[[ Input data open ]]
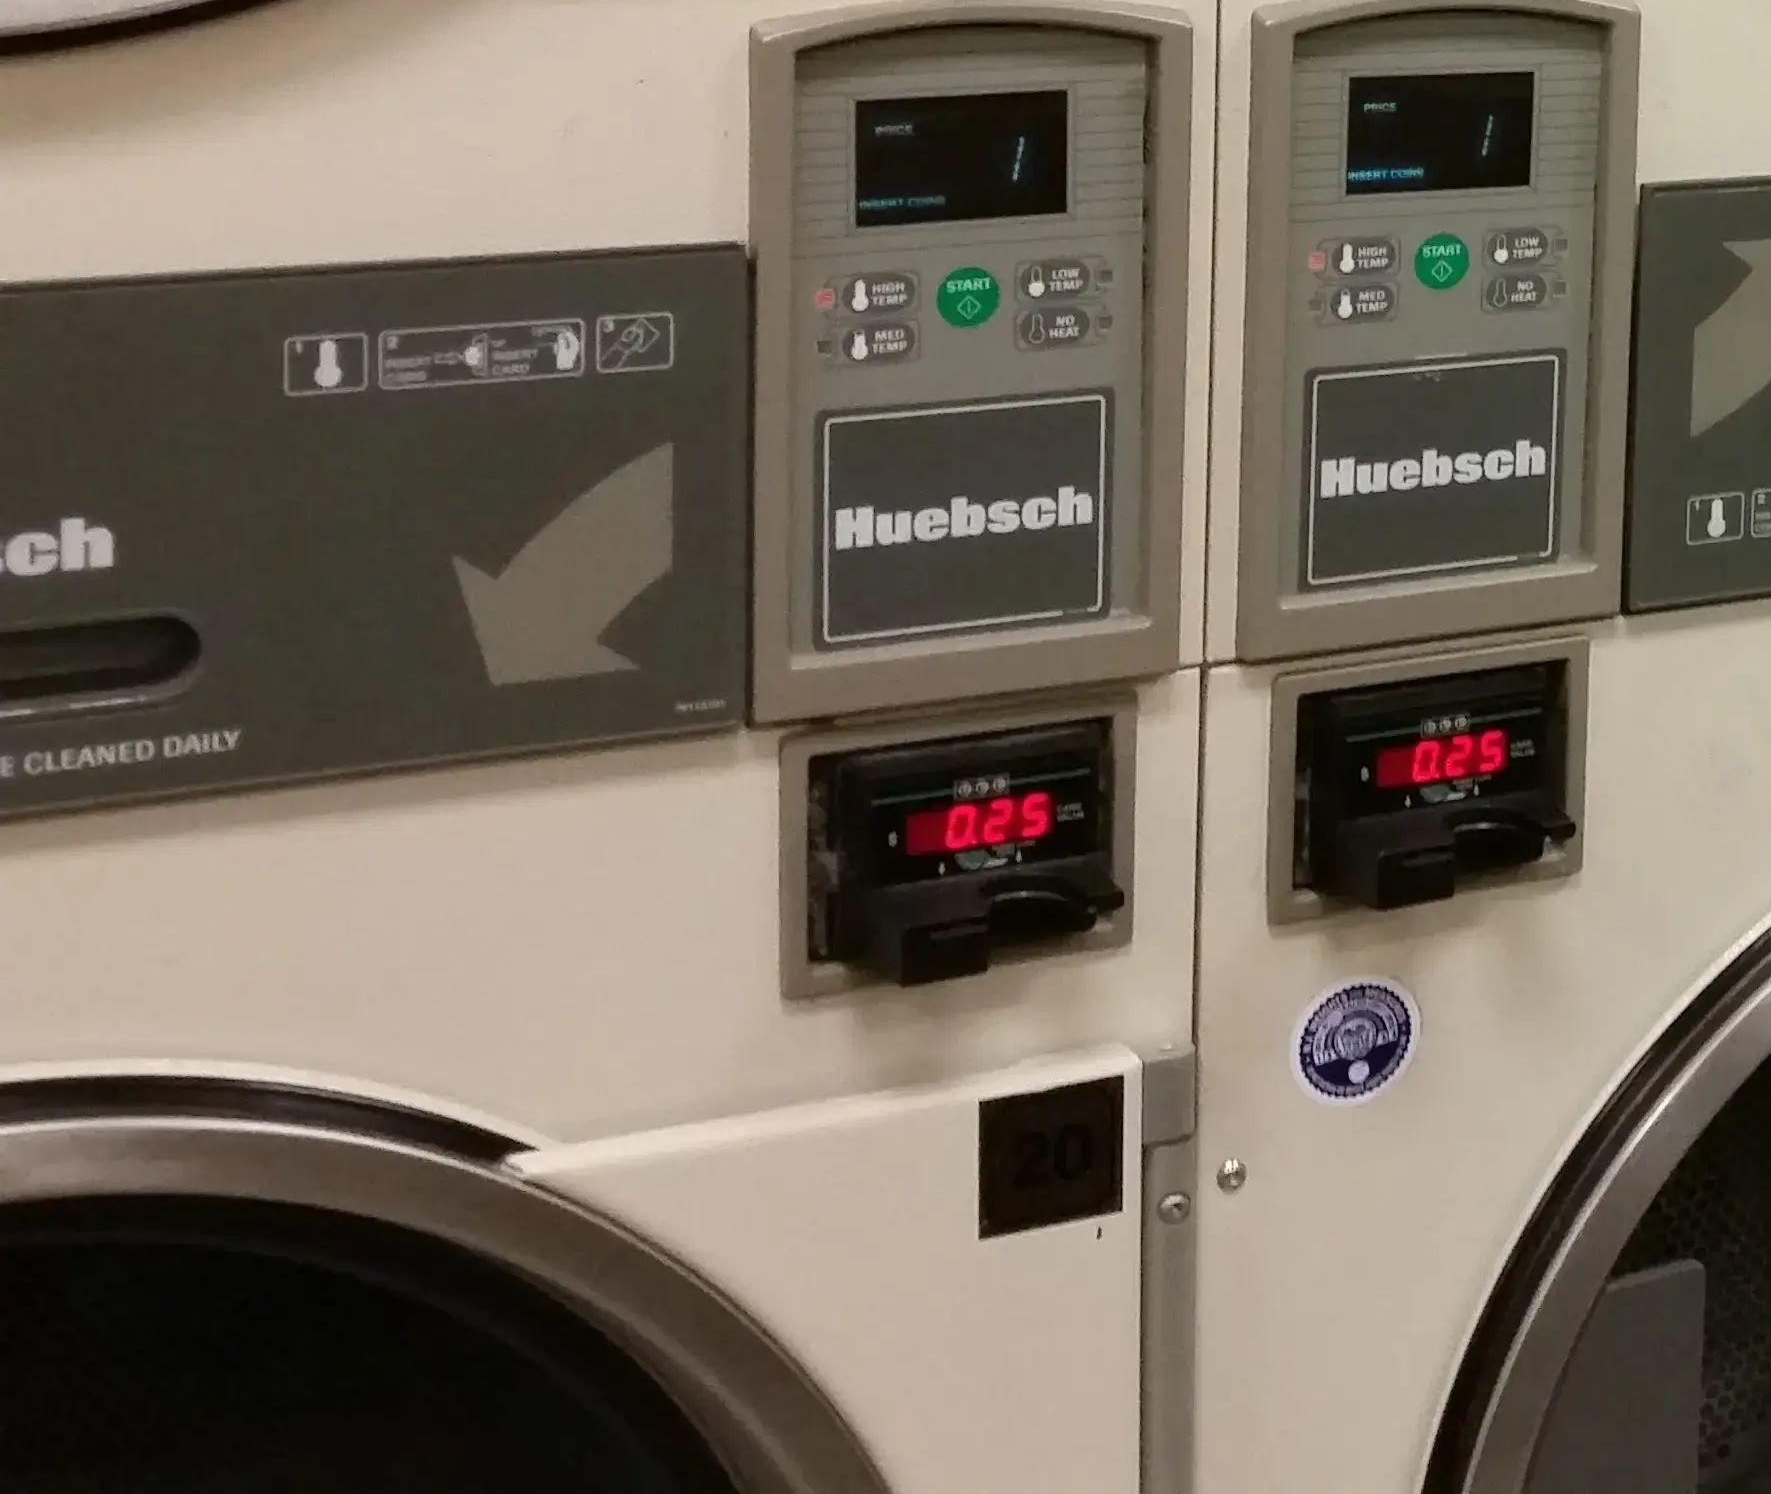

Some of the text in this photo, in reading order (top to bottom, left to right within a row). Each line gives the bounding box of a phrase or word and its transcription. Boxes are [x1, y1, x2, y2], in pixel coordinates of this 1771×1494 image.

[1363, 101, 1398, 114] PRICE
[1482, 114, 1494, 156] 1
[1011, 136, 1025, 182] 1
[1514, 237, 1539, 249] LOW
[1358, 246, 1388, 259] HIGH
[1422, 244, 1461, 257] START
[1512, 247, 1543, 260] TEMP
[1358, 257, 1389, 269] TEMP
[1051, 268, 1081, 281] LOW
[872, 281, 906, 295] HIGH
[946, 276, 992, 294] START
[1049, 278, 1084, 292] TEMP
[1516, 281, 1534, 292] NO
[872, 293, 908, 307] TEMP
[1357, 290, 1385, 302] MED
[1511, 291, 1538, 303] HEAT
[1355, 300, 1388, 313] TEMP
[1055, 314, 1075, 328] NO
[874, 328, 905, 342] MED
[1049, 325, 1081, 339] HEAT
[872, 340, 907, 354] TEMP
[1319, 439, 1547, 501] Huebsch
[835, 486, 1093, 550] Huebsch
[23, 738, 156, 776] CLEANED
[162, 727, 242, 758] DAILY
[1411, 728, 1506, 784] 0.25
[944, 791, 1051, 850] 0.25
[1011, 1122, 1093, 1188] 20
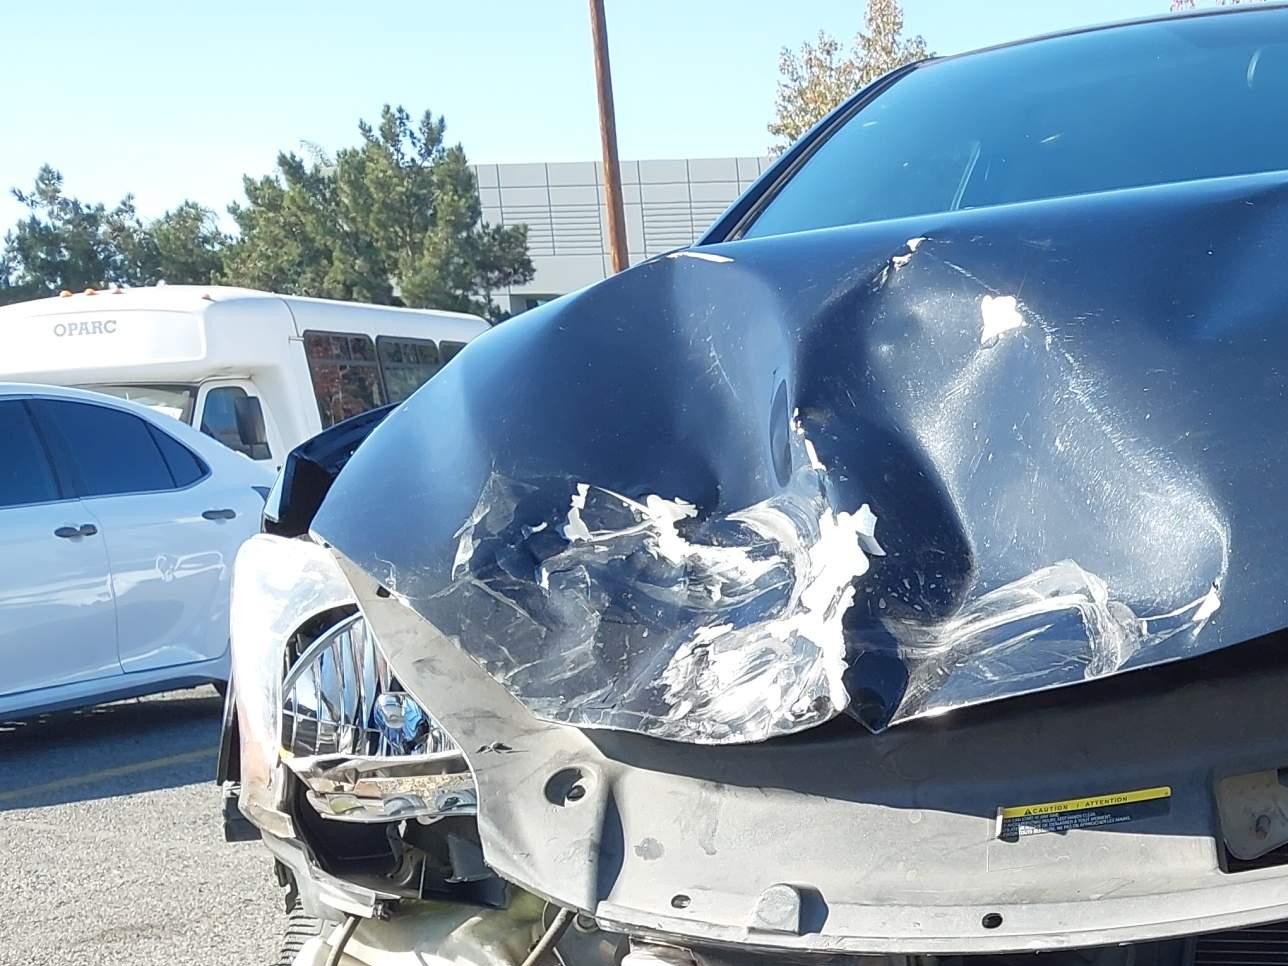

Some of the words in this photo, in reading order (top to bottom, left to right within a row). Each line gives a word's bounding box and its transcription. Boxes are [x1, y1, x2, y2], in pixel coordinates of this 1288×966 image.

[53, 319, 118, 337] OPARC
[1032, 804, 1069, 814] CAUTION
[1085, 796, 1129, 807] ATTENTION
[[ Input data closed ]]
Task instructions
The lines to return run from the one containing "Some of the words" through the last line of the records above. Give them exactly and include nothing more.

Exercise solution
Some of the words in this photo, in reading order (top to bottom, left to right within a row). Each line gives a word's bounding box and its transcription. Boxes are [x1, y1, x2, y2], in pixel coordinates of this 1288×966 image.

[53, 319, 118, 337] OPARC
[1032, 804, 1069, 814] CAUTION
[1085, 796, 1129, 807] ATTENTION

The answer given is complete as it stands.